Youth, elders share the joy of Christmas
A time for the generations
Anyone peering through the windows of Iqaluit’s elders’ centre last Thursday afternoon would have been pleasantly shocked.
About 30 elders stand in the middle of the room, each with a balloon tied to his or her ankle. All of a sudden, the gentle group of men and women start manipulating their feet to stomp on others’ balloons.
As each balloon bursts with a bang, the person whose ankle it’s tied to sits down in one of the chairs arranged in a circle around the centre of the room.
The elders are playing a game as part of a Christmas party organized by Inuksuk High School teacher Nick Newbery and his class of Grade 9 students in the Terry Fox Program.
Today, 10 students came to the centre to decorate in the morning, and the space, accented with the sound of Christmas carols, feels decidedly festive.
A Christmas tree stands in front of the window overlooking the bay, streamers hang from the ceiling, and bunches of balloons are strategically attached to the beams of the roof.
Near the entrance a table is covered with sweet treats — cookies and cakes waiting to be eaten, while another table is covered with wrapped gifts.
Newbery explains the Terry Fox Program students visit with the elders at the centre five times a year, and once for a Christmas bash.
“Each elder will go home with something,” Newbery says, be it a prize won in one of the games, a raffle, or one of the coffee mugs he as brought for all. “We try to make the prizes practical.”
The money for the gifts comes from the Terry Fox Program. Newbery manages to raise $30,000 each year to run specific activities with the students, including caribou hunting, building snow houses and even a trip to Kimmirut.
Only two elders remain standing now with balloons trailing their ankles. The man and woman hold each other by the arms and, while smiling, still try and pop the other’s balloon.
Finally the man concedes and both competitors are given a round of applause. Newbery says if they agree to shake hands they can both receive a prize. As the students scurry around cleaning the floor of balloon remnants, the couple shakes hands and sits down.
The next game on the agenda requires three male and female students, and the same number of elders. The elders are given a roll of toilet paper and set about wrapping their student partners in it from head to toe.
One male student slowly spins while Celestin Erkidjuk wraps the toilet paper around him. As the first to cover his student and use the entire roll of toilet paper, Erkidjuk wins a prize.
Fourteen-year-old Joanasie Naglingniq, who was wrapped standing in front of his grandparents, says having a celebration with the elders is fun, even if it means being covered in toilet paper.
“It was hot inside,” he says, smiling. “But I could breathe through.”

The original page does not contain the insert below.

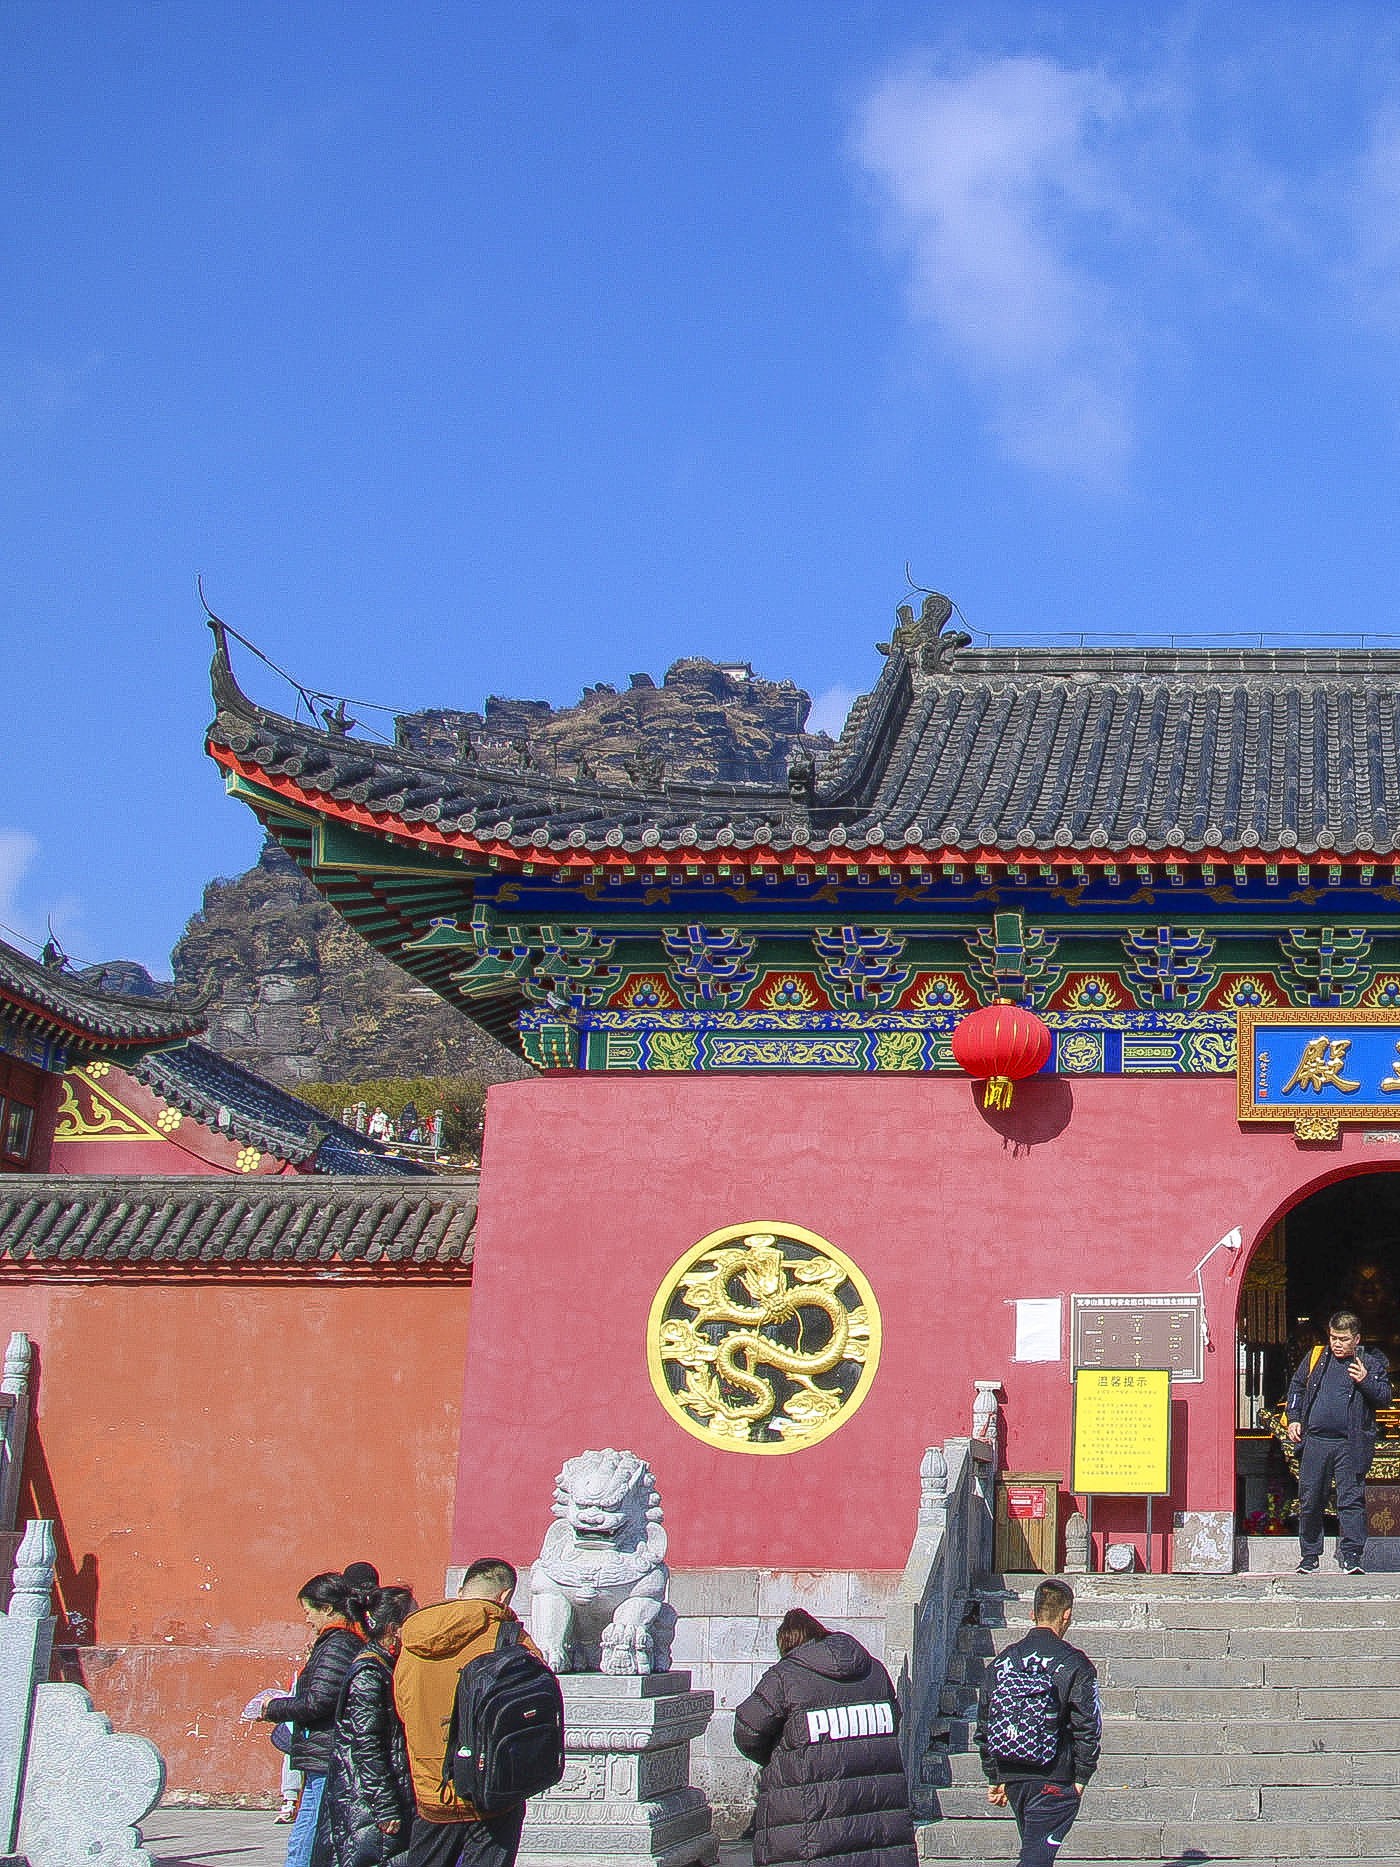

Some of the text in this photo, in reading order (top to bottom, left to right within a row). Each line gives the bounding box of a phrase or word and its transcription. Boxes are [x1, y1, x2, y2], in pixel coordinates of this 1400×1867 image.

[1098, 1376, 1148, 1387] 温馨提示
[806, 1702, 894, 1743] PUMA
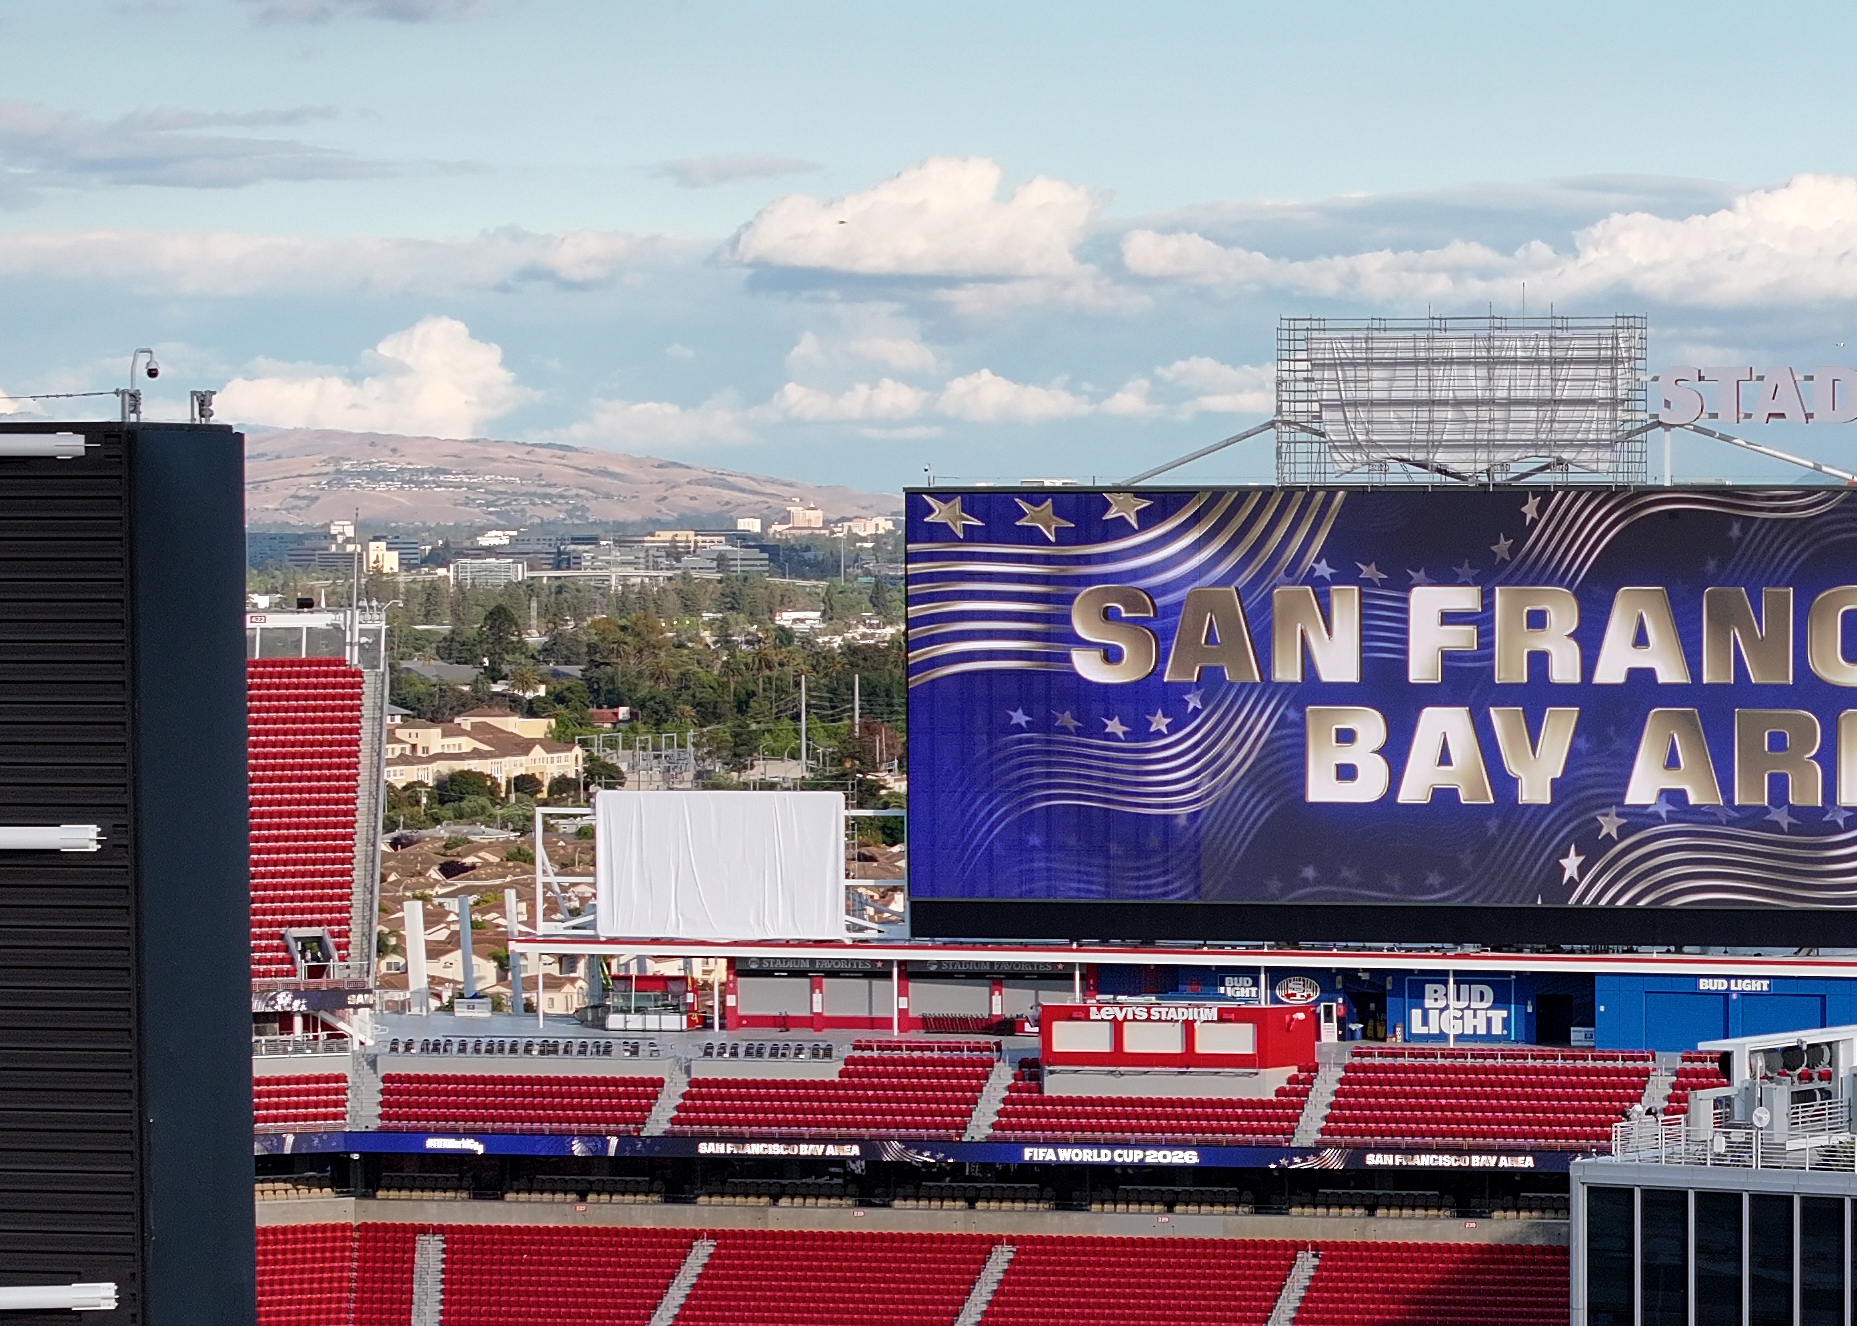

Naglingniq doles out some of the gifts to the games’ winners and kneels patiently in front of him or her as they tear off the brightly coloured Christmas paper. The gifts range from sets of pots and dishes, to socks, cribbage boards, and a bedspread.
Kootookoolou Sikkinerk, 14, takes a break from distributing pieces of Black Forest cake and says she helped decorate the centre, using ladders to reach the highest spots. The decorating was the best part of the day, she says, but admits that it makes her feel good to see the elders playing games, opening presents and enjoying themselves.
“My teacher wants us to respect elders,” she says, explaining why she thinks it’s important that students her age spend time at the centre.
This is the last year Newbery will be heading the Terry Fox Program, and the elders present him with gifts of his own.
“I have a lot of respect for your culture,” Newbery says to the group. “And I respect that you are maybe the last ones who have really lived on the land and I’ve tried to share that with my students over the years.”
As the weather shifts outside and a blizzard begins to brew, Newbery watches his students go around the circle of beaming elders wishing each a happy Christmas.